A Twitter user tweeted me her opinion that ‘nutrition is not the responsibility of the government.’ This comment caused me to reflect on the families and children in my community who benefit from SNAP assistance and deserve deeper consideration.”
However, some individuals are questioning whether or not this is actually raising awareness for the cause or whether it is simply a challenge that Booker is taking to prove a point.
“It’s not meant to be your only calorie intake source,” said CNN’s Christine Romans. “’Supplemental’ is the key. The government designs it so this is on top of what little money you might have, food pantries, soup kitchens.”
Though there is validity in Romans’ statement, I think that attention, whether good or bad, is raising awareness for the cause.
Where my opinion differs is that what Booker and others are doing with these food stamps challenges is trying to have the supplemental program provide all of their nutritional needs, something the program was never designed to do, nor should it.

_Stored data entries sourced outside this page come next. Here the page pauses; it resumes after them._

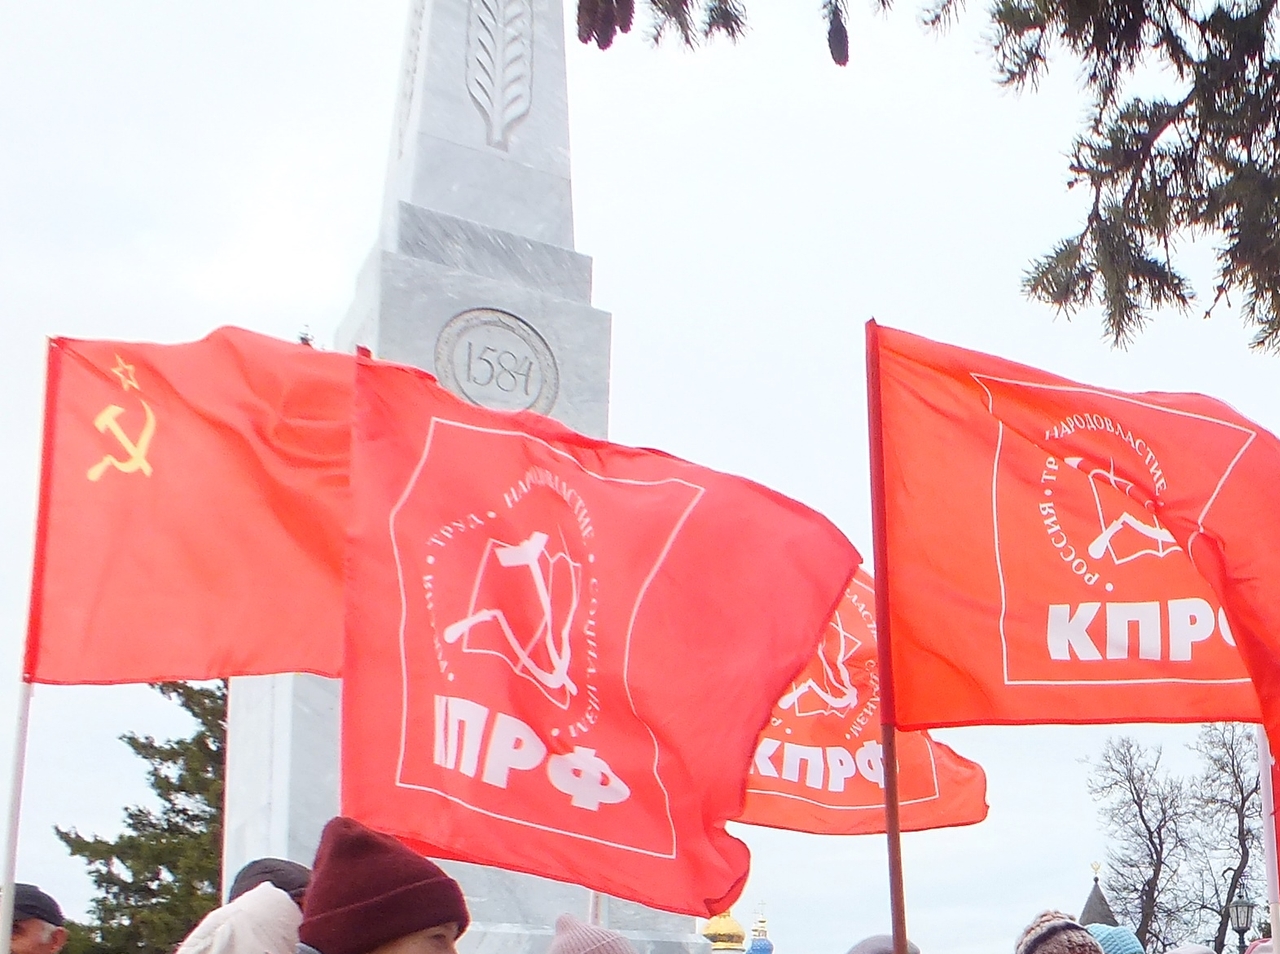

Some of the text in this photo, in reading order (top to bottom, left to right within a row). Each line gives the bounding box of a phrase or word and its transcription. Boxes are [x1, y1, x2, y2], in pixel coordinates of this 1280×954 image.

[466, 341, 533, 396] 1584
[1041, 456, 1059, 484] ТР
[1039, 501, 1100, 586] РОССИЯ
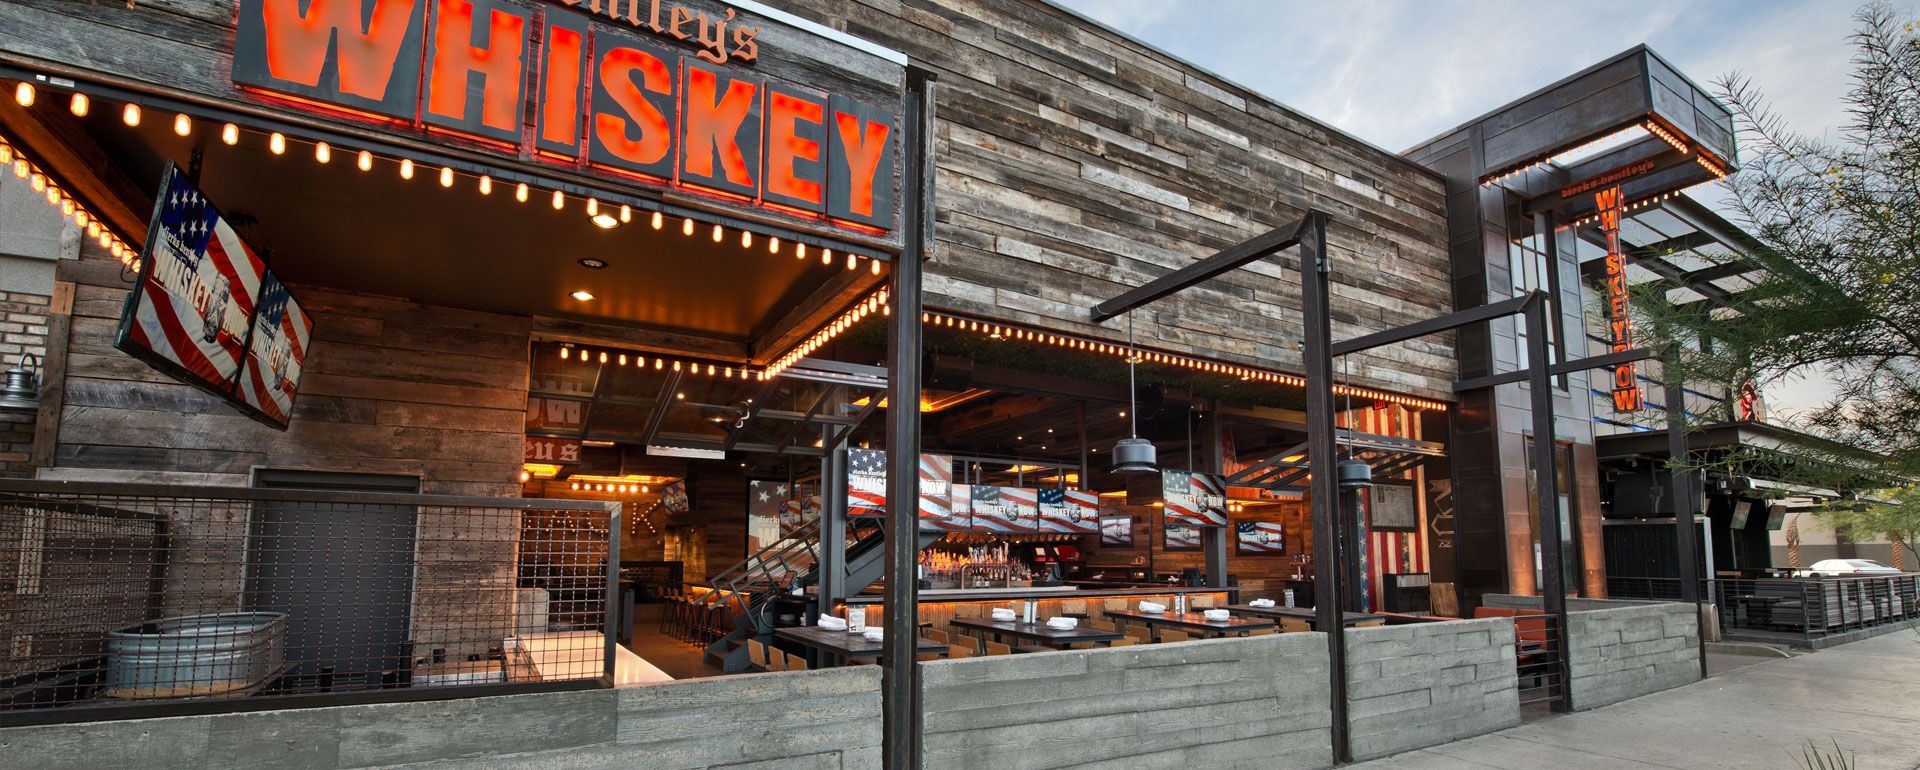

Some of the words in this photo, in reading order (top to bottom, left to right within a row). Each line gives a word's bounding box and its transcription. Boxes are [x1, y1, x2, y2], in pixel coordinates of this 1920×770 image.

[262, 0, 889, 217] WHISKEY
[153, 244, 212, 313] WHISKEY
[1595, 187, 1625, 341] WHISKEY
[975, 504, 1007, 516] WHISKEY
[1042, 507, 1070, 518] WHISKEY

By participating in these challenges, public figures are glorifying those who rely on an assistance program funded by our tax dollars.

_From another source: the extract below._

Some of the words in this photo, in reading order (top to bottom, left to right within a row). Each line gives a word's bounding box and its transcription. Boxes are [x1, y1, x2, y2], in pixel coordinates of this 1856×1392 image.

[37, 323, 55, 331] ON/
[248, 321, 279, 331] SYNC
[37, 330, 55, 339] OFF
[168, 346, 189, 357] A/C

While receiving food stamps was once disgraceful and uncomfortable, participants now receive “EBT” cards which are more discreet than actual food stamps. What Booker and other activists should be applauding is not those who live on food stamps, but instead those who work their way off of them.
I believe that taking the challenge does actually help to put into perspective how millions of Americans are living their lives … but are they doing it the right way?
In either sense, following Cory Booker’s #SnapChallenge tweets makes me vicariously appreciate his efforts, as well as providing me with entertainment when procrastinating on assignments.